Kanter contro Erdogan, chiamatelo Enes Gulen. Il cestista turco in forza gli Oklahoma City Thunder è in questi giorni protagonista di una storia clamorosa, che coinvolge la sua famiglia e il presidente turco Erdogan appena scampato a un golpe.
Il giocatore ha infatti dichiarato il proprio appoggio incondizionato a Fethullah Gulen, l’ideatore del golpe stesso.
Immediata è arrivata la “scomunica” delle autorità turche e a quel punto Mehmet Kanter, padre di Enes, ha scritto una lettera a Erdogan, chiedendo scusa per le azioni del figlio e disconoscendolo ufficialmente.
Kanter contro Erdogan, chiamatelo Enes Gulen. Il padre ha fatto sapere al figlio che dovrà cambiare cognome, visto che la sua famiglia non vuole più essere accostata a lui.
”Se avessi saputo che portandolo negli Stati Uniti, Enes avrebbe sviluppato certi atteggiamenti, non lo avrei mai fatto uscire dalla Turchia. Lo avevamo avvertito che le sue opinioni ci stavano mettendo in grave imbarazzo e adesso è andato oltre. Non potrà più portare il nostro nome perché lo sta infangando contro la Turchia”.
Kanter contro Erdogan, chiamatelo Enes Gulen. La replica di Enes non s è fatta attendere: il cestista ha postato su Twitter una lettera che rende omaggio a Gulen, che ora probabilmente si trova proprio negli Stati Uniti. Aggiungendo che da oggi il suo nome non è più Enes Kanter ma Enes Gulen.

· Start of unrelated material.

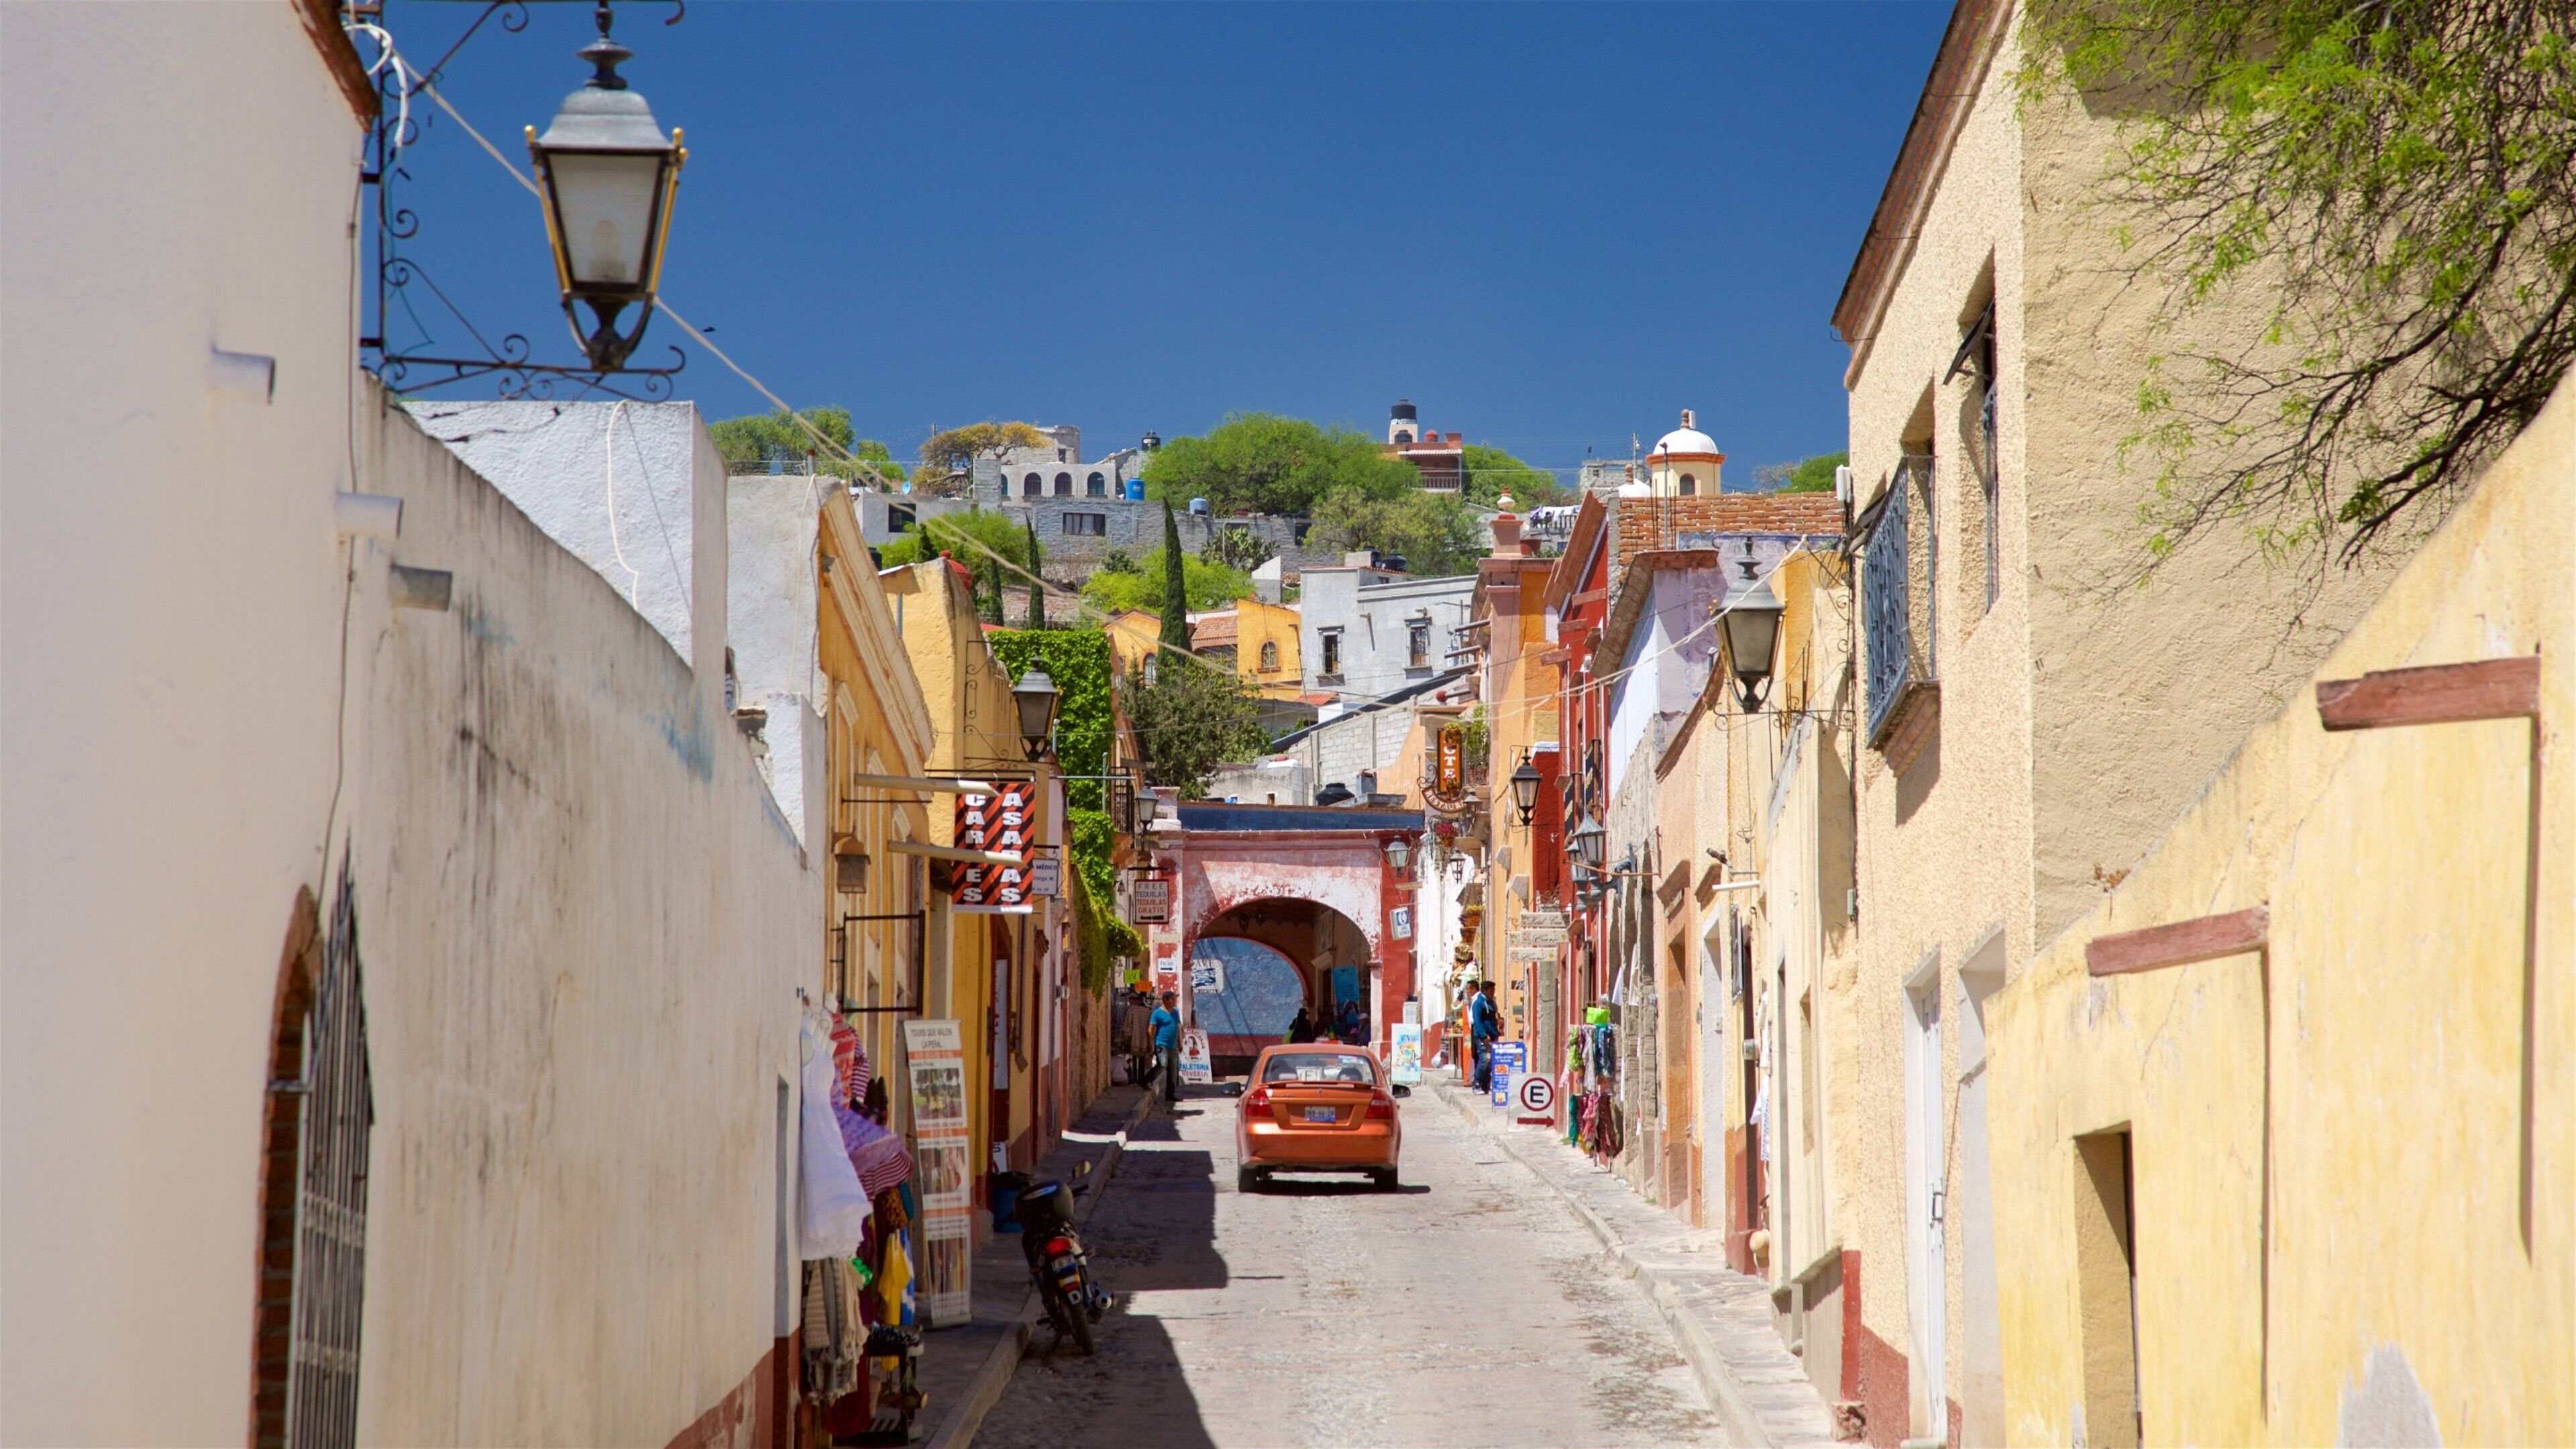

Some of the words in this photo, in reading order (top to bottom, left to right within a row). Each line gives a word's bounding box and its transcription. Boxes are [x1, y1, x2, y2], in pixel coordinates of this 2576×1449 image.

“O universo, ascolta la mia voce. Ho perso mia madre, mio padre, i miei fratelli e le mie sorelle. Oggi ho perso la mia intera famiglia e i parenti. Gente che ho rispettato per 24 anni. Mio padre mi ha chiesto di cambiare cognome. Mia madre mi ha disconosciuto. I miei fratelli con cui sono cresciuto mi hanno scaricato. I miei parenti non vogliono più vedermi.
Non uno solo, ma migliaia di Enes potrebbero essere sacrificati per l’Hizmet. Movimento che è cresciuto con le lacrime di persone leali e devote. Sacrificherei mia madre, mio padre e la mia intera famiglia per il volere di Gulen. Mi sacrificherei migliaia di volte per lui.
Spero che Dio possa prendere ogni secondo della mia vita e darla a Gulen. Sacrificherei il mio paradiso e riderei nell’inferno per lui. Il mio amore per Gulen è maggiore dell’amore per mia madre, mio padre, i miei fratelli, le mie sorelle e l’amore degli altri.
Resistete fratelli miei. Resistete sorelle mie. Siate pazienti. Non dobbiamo fallire questa prova. Non dobbiamo essere gli sconfitti ma i vincitori.
Da oggi in poi la mia famiglia sarà Gulen.
Gli oppressori cadranno molto presto. Siate pazienti perché Dio è dalla nostra parte. Dio renderà tutto migliore. Non abbandoneremo questa battaglia. Con dio dalla nostra parte non c’è dolore”.